Alone. He stretched his arms out and whirled on the grass like a child, his face turned towards the sky as he laughed, feeling the wind in his braids and the nip of the cold autumn air on his cheeks. He loved this season most of all, when the chill crept into the world, painting it with fire; it made him feel alive. The winter he hated, the cold and snow and darkness reminding him of the Helcaraxë, memories he preferred forgotten.

He did not allow his mood to darken as he swirled quicker, dancing under the falling leaves in the growing darkness. He felt free. Free from the responsibilities that he had never wanted, never thought he would have and, for the first time in weeks, he felt light-hearted. Above him the stars appeared, bright and beautiful as they lit the night sky. He was, for the moment, happy.

Faster he danced, head flung back and arms spread wide, his heavy raven braids swaying from the movements, tapping against his back and hips in a wild rhythm. There was a wantonness, an abandon in his dance that he allowed nowhere else, a sensuality of movement that had no other outlet. His breath deepened, quickened, as he swayed.

“I love seeing you like this.” The musical voice behind him slid through the darkness, covering the whispering of the rustling leaves.

Surprise broke his rhythm and for a moment he stood frozen before he spun around, disbelieving. His feet slid slightly on the damp ground but he did not care as he stroked a strand of midnight hair from his face, staring incredulously at the tall Elf who was leaning against a tree. Slowly a smile spread over his face, delighted, ecstatic – the surprise of the moment and his joy making him forget himself and so he let his emotions shine brightly in his eyes, allowed his smile to be warmer than it should have been as he flung himself at the other. He half expected the other to fade from his touch, a sprite brought forward by joy and happiness – something unreal and ethereal. Instead the hard chest against his and the strong arms wrapping around him were reassuringly real, and so he regained control over himself again. He pushed down the emotions that had filled him and reluctantly rebuilt the wall of lies between them.

“Maitimo,” he said, his voice warm and happy. It had been long since last he had seen his older cousin; too long, his heart whispered. His mood sobered. He had not been king then; his father had still lived and the responsibility of ruling had yet to threaten to break him with its smothering heaviness. “I had not expected you. When did you arrive? Has something happened?”
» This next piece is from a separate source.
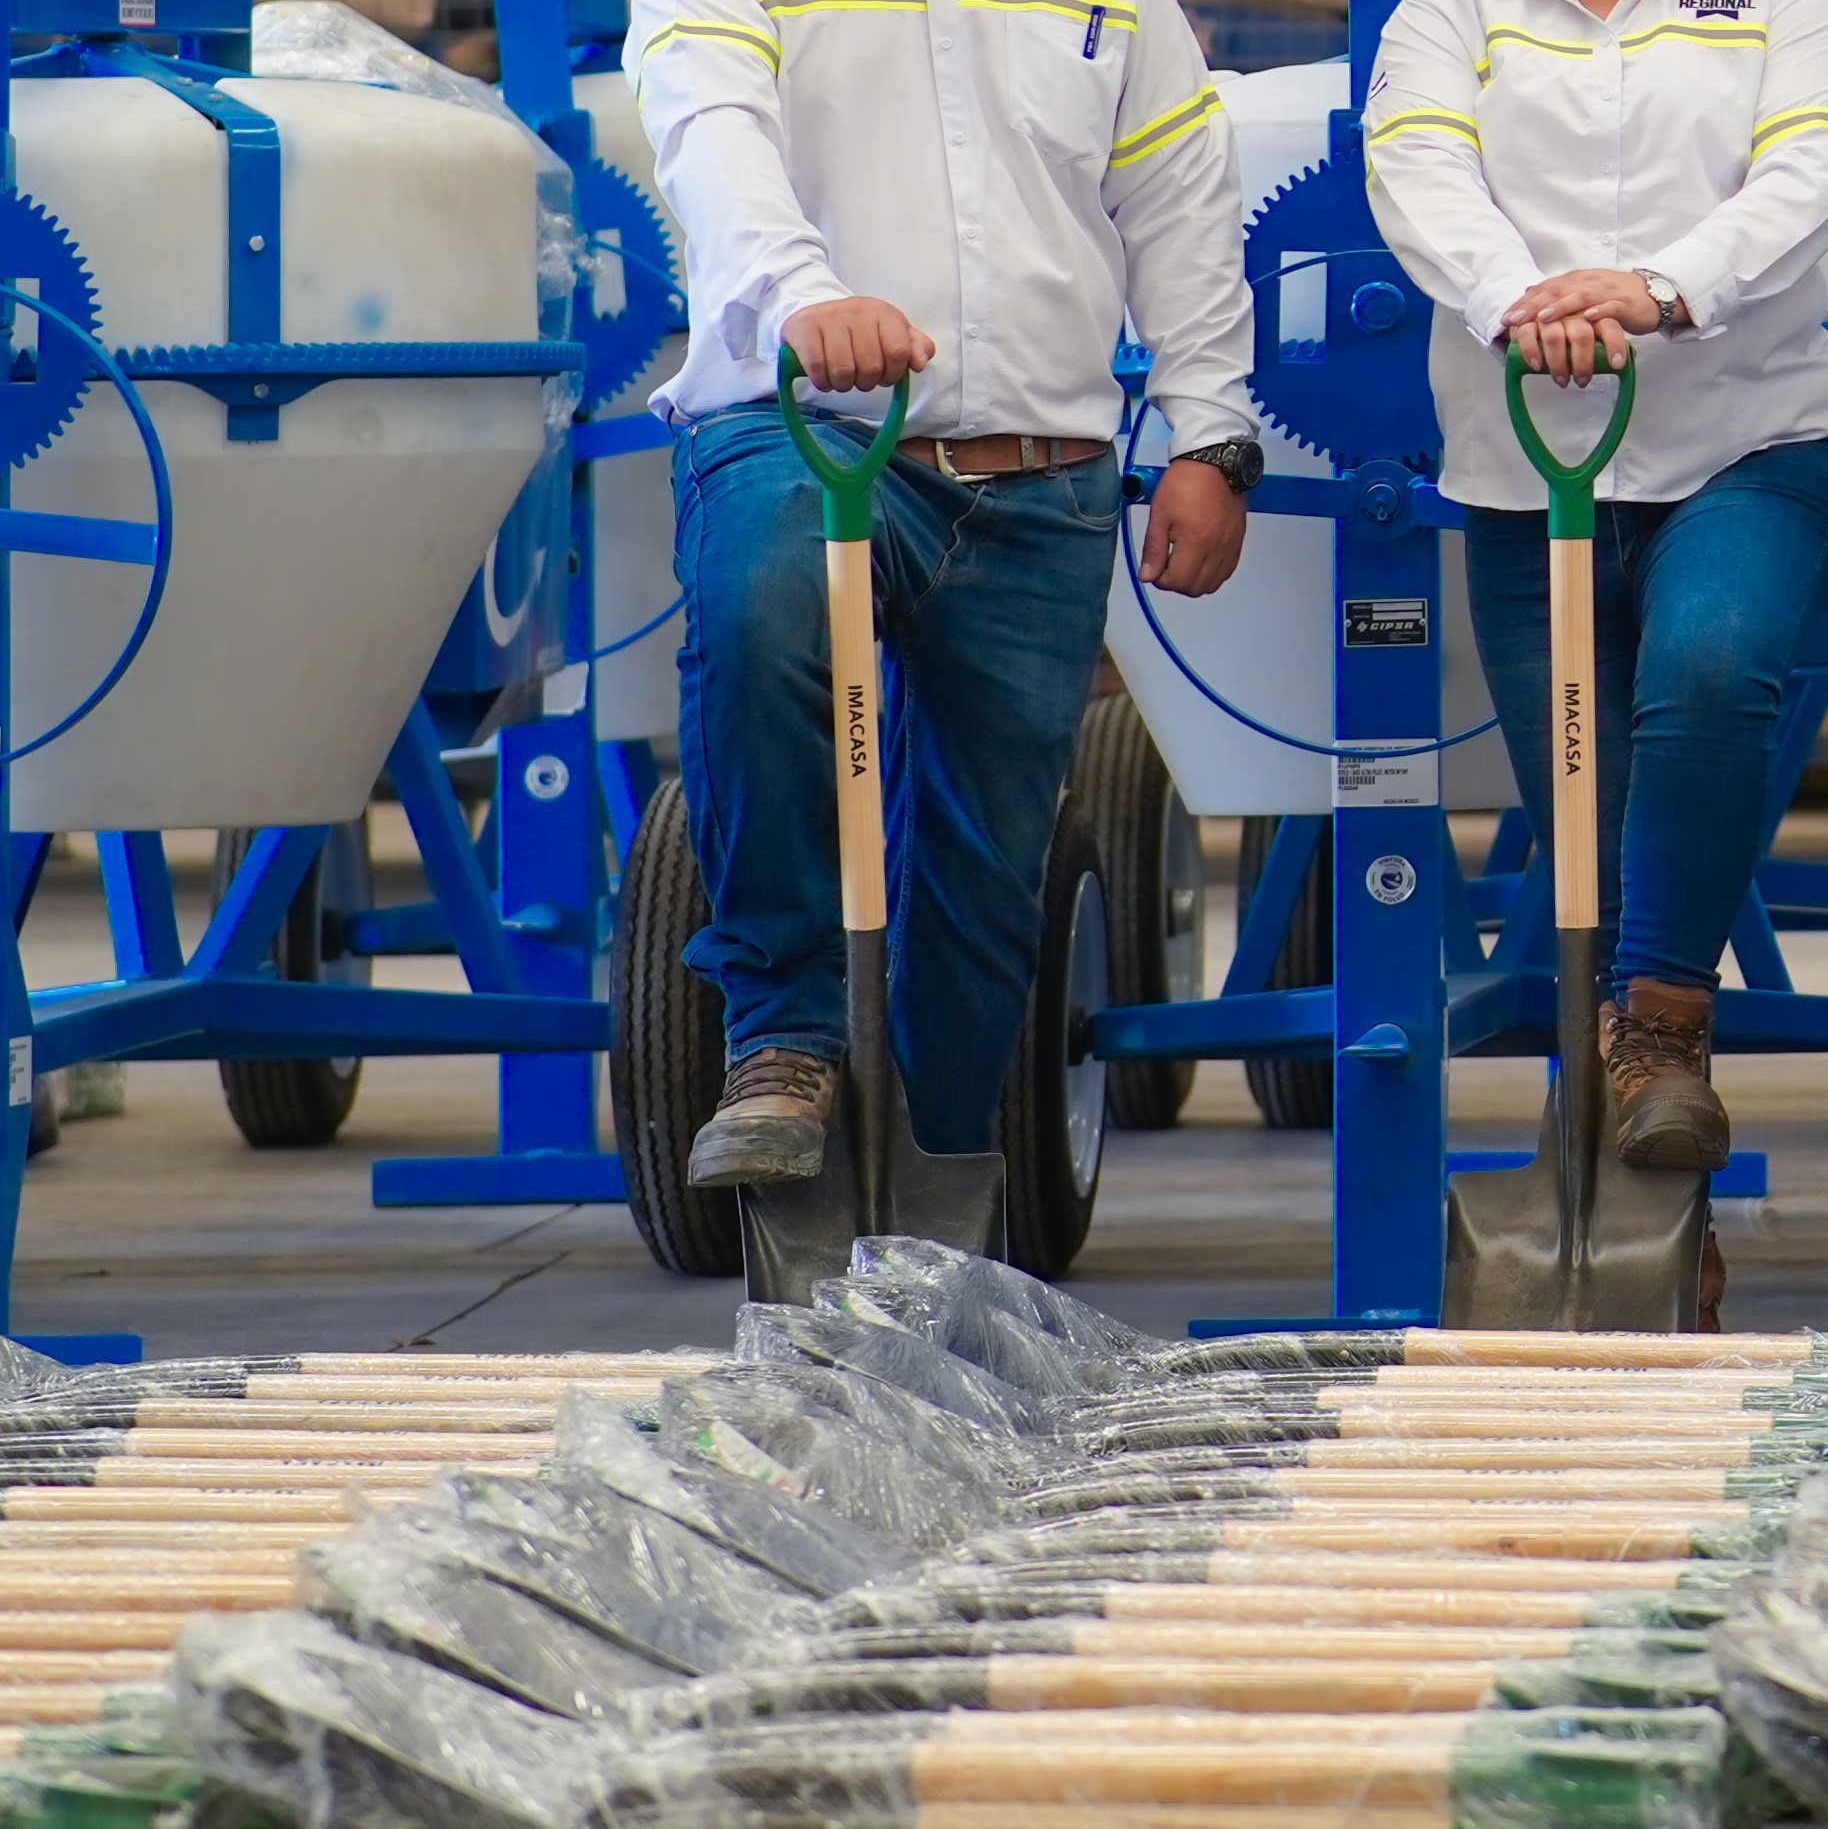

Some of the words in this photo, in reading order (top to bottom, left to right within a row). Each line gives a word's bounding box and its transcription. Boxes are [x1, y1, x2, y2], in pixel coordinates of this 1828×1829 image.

Maitimo smiled and his heart threatened to stop. Had he thought the light of the stars beautiful? He had been wrong. Dark copper locks fell freely, unrestrained around the strong face as the silver eyes glittered down at him. “I wished to see you, Findekáno,” he said amusedly. “I had no other reason than wishing to spend some time with a good friend. We arrived maybe an hour ago. Macalaurë is seeing to the formalities.” Maitimo watched him carefully. “Is our visit welcome, cousin?”

“You are always welcome here, Russandol,” he said softly. “That you already know.”

Unenthusiastically he looked back towards the buildings that meant duty and responsibility, wearing a mask of someone he was not. “We should go back,” he said reluctantly, only to look back, stunned, when his wrist was grabbed.

“There is no need for us to return yet,” Maitimo said calmly. “You will fare better if you relax some more before going back.” He smiled wryly at the surprise in his cousin’s face. “You thought I could not see the change in you? Findekáno, this…” he gestured helplessly, “quiet, grim Elf that you change into when merely thinking of going back, it is not you. It would be impossible not to notice the difference, pitya.” He sat down on the damp ground, smiling up at the younger Elf. “Sit with me a while, Findekáno?”

“I hate this, Maitimo,” he said quietly, sinking down on a boulder. “I was not made to rule.”

“You are wrong, Findekáno,” came the reply. “Macalaurë was the first to name you valiant, little cousin, and valiant you are. You will care for our people because you love them, because the duty is heavy and reluctantly borne, because it is the right thing to do, and you will do it well. Better than my father or yours, both too blinded by other things, and certainly better than I would have done.”

He remained quiet. He did not agree but was unable to find words for how he felt, how he was choking a little more each day and so he leaned forward, putting his face in his hands as he shook his head quietly. He felt Maitimo’s hand run lightly over his hair.

“You are strong, pitya. I have faith in you. I hear that an engagement is coming.” There was a small smile in Maitimo’s voice. “Love will make it easier to carry.”

He stood quickly, backing away slightly as the ache in his heart intensified. “We should go back,” he said again, walking without making sure his cousin kept up with him, fleeing the emotions that threatened to crush him; even kingship was easier to bear than this.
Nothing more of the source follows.